[Records from a collection]
=== Begin Enclosure ===

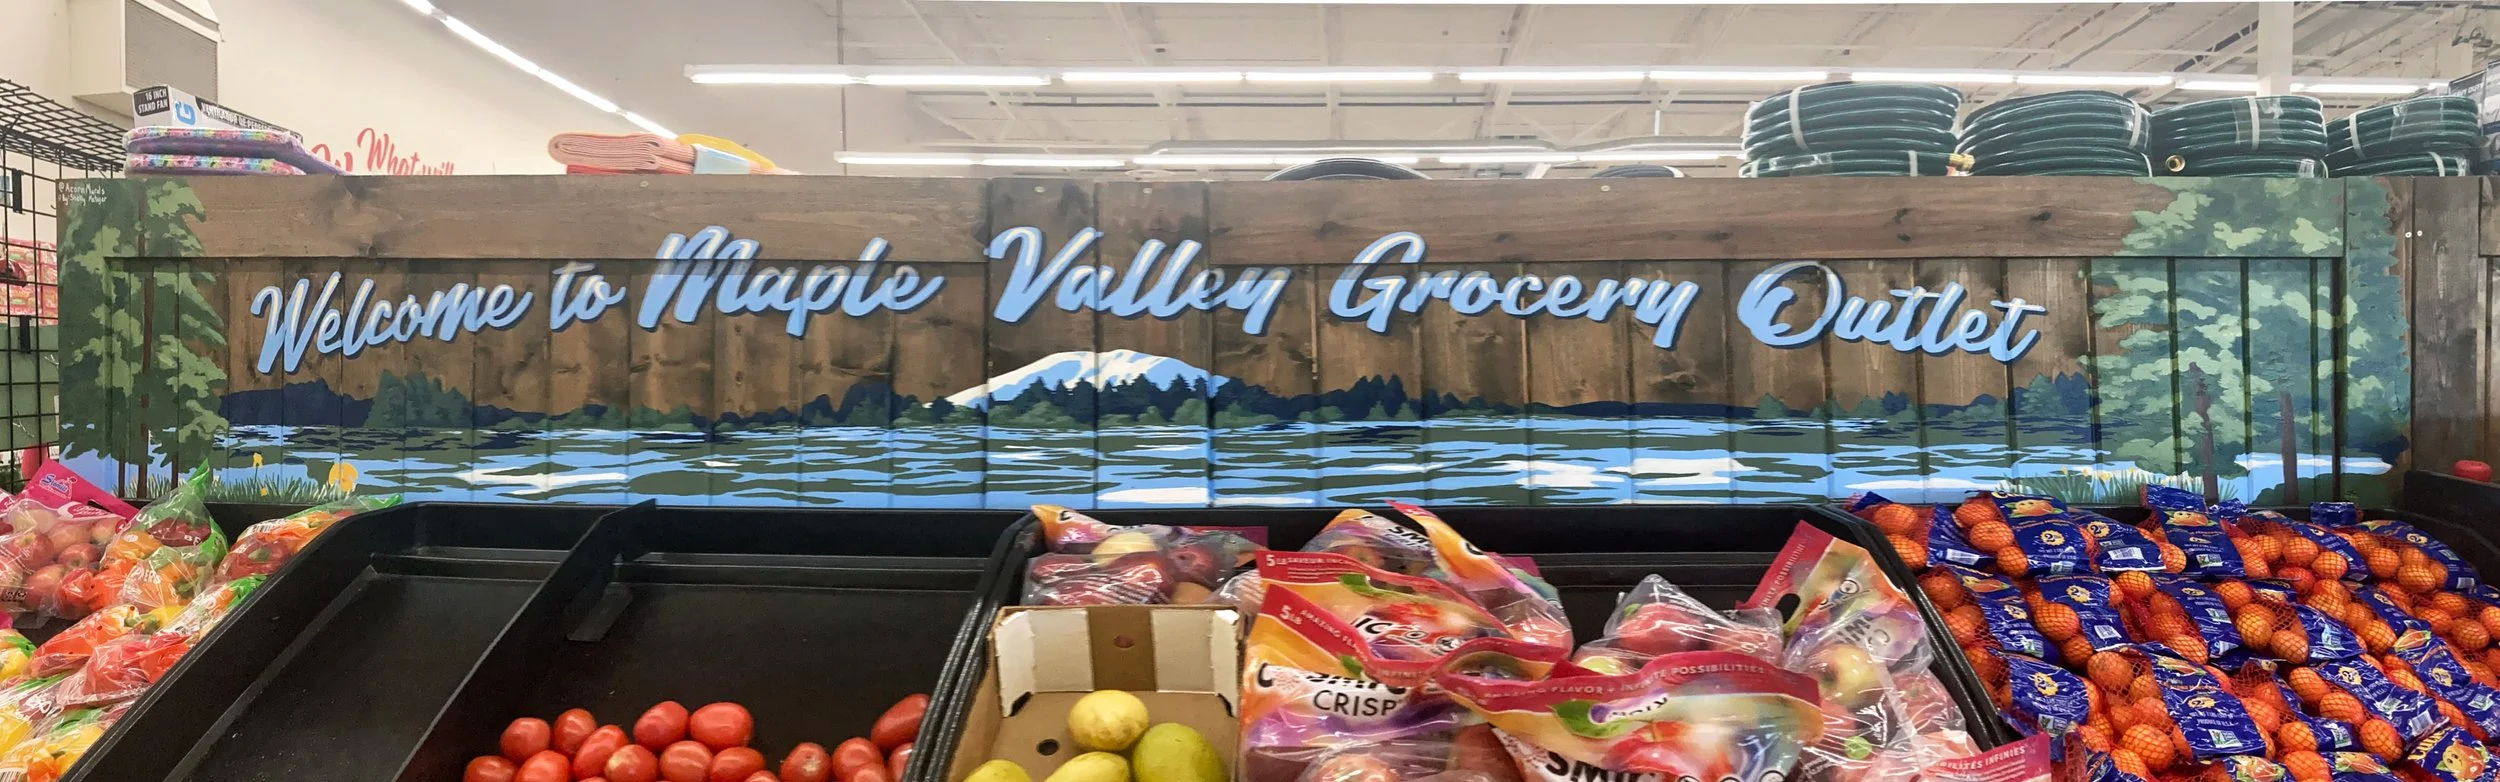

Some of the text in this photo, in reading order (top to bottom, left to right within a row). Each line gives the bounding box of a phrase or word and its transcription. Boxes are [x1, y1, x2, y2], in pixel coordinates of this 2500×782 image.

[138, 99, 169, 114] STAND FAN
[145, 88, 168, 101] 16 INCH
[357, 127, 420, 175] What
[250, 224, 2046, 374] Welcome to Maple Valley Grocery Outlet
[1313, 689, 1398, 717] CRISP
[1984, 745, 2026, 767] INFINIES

=== End Enclosure ===

* **Your goal**
None of the pictures belong in the copy; transcribe the rest of the data exactly.

* **Written answer**
Some of the text in this photo, in reading order (top to bottom, left to right within a row). Each line gives the bounding box of a phrase or word and its transcription. Boxes are [x1, y1, x2, y2], in pixel coordinates of this 2500×782 image.

[138, 99, 169, 114] STAND FAN
[145, 88, 168, 101] 16 INCH
[357, 127, 420, 175] What
[250, 224, 2046, 374] Welcome to Maple Valley Grocery Outlet
[1313, 689, 1398, 717] CRISP
[1984, 745, 2026, 767] INFINIES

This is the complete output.